Information shown:
::::::::::

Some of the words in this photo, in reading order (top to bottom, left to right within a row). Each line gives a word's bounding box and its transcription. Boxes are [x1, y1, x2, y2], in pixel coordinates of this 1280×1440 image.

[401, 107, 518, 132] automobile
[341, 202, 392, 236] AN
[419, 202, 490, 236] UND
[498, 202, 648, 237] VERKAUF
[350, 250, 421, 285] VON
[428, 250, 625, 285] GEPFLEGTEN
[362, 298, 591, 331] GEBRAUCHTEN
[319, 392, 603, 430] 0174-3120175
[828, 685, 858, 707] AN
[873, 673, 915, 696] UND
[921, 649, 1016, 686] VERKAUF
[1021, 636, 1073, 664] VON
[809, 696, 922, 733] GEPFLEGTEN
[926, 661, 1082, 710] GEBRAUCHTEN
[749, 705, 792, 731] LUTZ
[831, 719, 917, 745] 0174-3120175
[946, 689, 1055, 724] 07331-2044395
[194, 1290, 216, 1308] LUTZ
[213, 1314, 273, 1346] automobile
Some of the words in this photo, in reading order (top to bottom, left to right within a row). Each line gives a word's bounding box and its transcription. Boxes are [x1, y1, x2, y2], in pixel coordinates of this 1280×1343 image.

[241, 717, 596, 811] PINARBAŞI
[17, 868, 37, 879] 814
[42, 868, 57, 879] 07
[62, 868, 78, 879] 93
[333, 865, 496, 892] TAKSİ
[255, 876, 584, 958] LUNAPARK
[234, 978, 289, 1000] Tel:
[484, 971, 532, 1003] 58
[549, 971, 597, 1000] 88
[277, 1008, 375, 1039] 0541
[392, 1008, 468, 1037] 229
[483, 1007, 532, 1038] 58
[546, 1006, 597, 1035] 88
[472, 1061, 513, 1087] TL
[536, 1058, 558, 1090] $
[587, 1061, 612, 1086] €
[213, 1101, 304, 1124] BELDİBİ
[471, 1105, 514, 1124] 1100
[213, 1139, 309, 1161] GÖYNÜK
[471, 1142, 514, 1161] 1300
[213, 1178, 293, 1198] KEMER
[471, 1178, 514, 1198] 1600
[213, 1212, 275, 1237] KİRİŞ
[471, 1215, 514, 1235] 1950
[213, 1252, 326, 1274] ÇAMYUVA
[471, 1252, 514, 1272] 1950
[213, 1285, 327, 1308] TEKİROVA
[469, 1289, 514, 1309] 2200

::::::::::

Task requirements: Nothing in the records above may be left out when you repeat them exactly.

Result of the exercise:
Some of the words in this photo, in reading order (top to bottom, left to right within a row). Each line gives a word's bounding box and its transcription. Boxes are [x1, y1, x2, y2], in pixel coordinates of this 1280×1440 image.

[401, 107, 518, 132] automobile
[341, 202, 392, 236] AN
[419, 202, 490, 236] UND
[498, 202, 648, 237] VERKAUF
[350, 250, 421, 285] VON
[428, 250, 625, 285] GEPFLEGTEN
[362, 298, 591, 331] GEBRAUCHTEN
[319, 392, 603, 430] 0174-3120175
[828, 685, 858, 707] AN
[873, 673, 915, 696] UND
[921, 649, 1016, 686] VERKAUF
[1021, 636, 1073, 664] VON
[809, 696, 922, 733] GEPFLEGTEN
[926, 661, 1082, 710] GEBRAUCHTEN
[749, 705, 792, 731] LUTZ
[831, 719, 917, 745] 0174-3120175
[946, 689, 1055, 724] 07331-2044395
[194, 1290, 216, 1308] LUTZ
[213, 1314, 273, 1346] automobile
Some of the words in this photo, in reading order (top to bottom, left to right within a row). Each line gives a word's bounding box and its transcription. Boxes are [x1, y1, x2, y2], in pixel coordinates of this 1280×1343 image.

[241, 717, 596, 811] PINARBAŞI
[17, 868, 37, 879] 814
[42, 868, 57, 879] 07
[62, 868, 78, 879] 93
[333, 865, 496, 892] TAKSİ
[255, 876, 584, 958] LUNAPARK
[234, 978, 289, 1000] Tel:
[484, 971, 532, 1003] 58
[549, 971, 597, 1000] 88
[277, 1008, 375, 1039] 0541
[392, 1008, 468, 1037] 229
[483, 1007, 532, 1038] 58
[546, 1006, 597, 1035] 88
[472, 1061, 513, 1087] TL
[536, 1058, 558, 1090] $
[587, 1061, 612, 1086] €
[213, 1101, 304, 1124] BELDİBİ
[471, 1105, 514, 1124] 1100
[213, 1139, 309, 1161] GÖYNÜK
[471, 1142, 514, 1161] 1300
[213, 1178, 293, 1198] KEMER
[471, 1178, 514, 1198] 1600
[213, 1212, 275, 1237] KİRİŞ
[471, 1215, 514, 1235] 1950
[213, 1252, 326, 1274] ÇAMYUVA
[471, 1252, 514, 1272] 1950
[213, 1285, 327, 1308] TEKİROVA
[469, 1289, 514, 1309] 2200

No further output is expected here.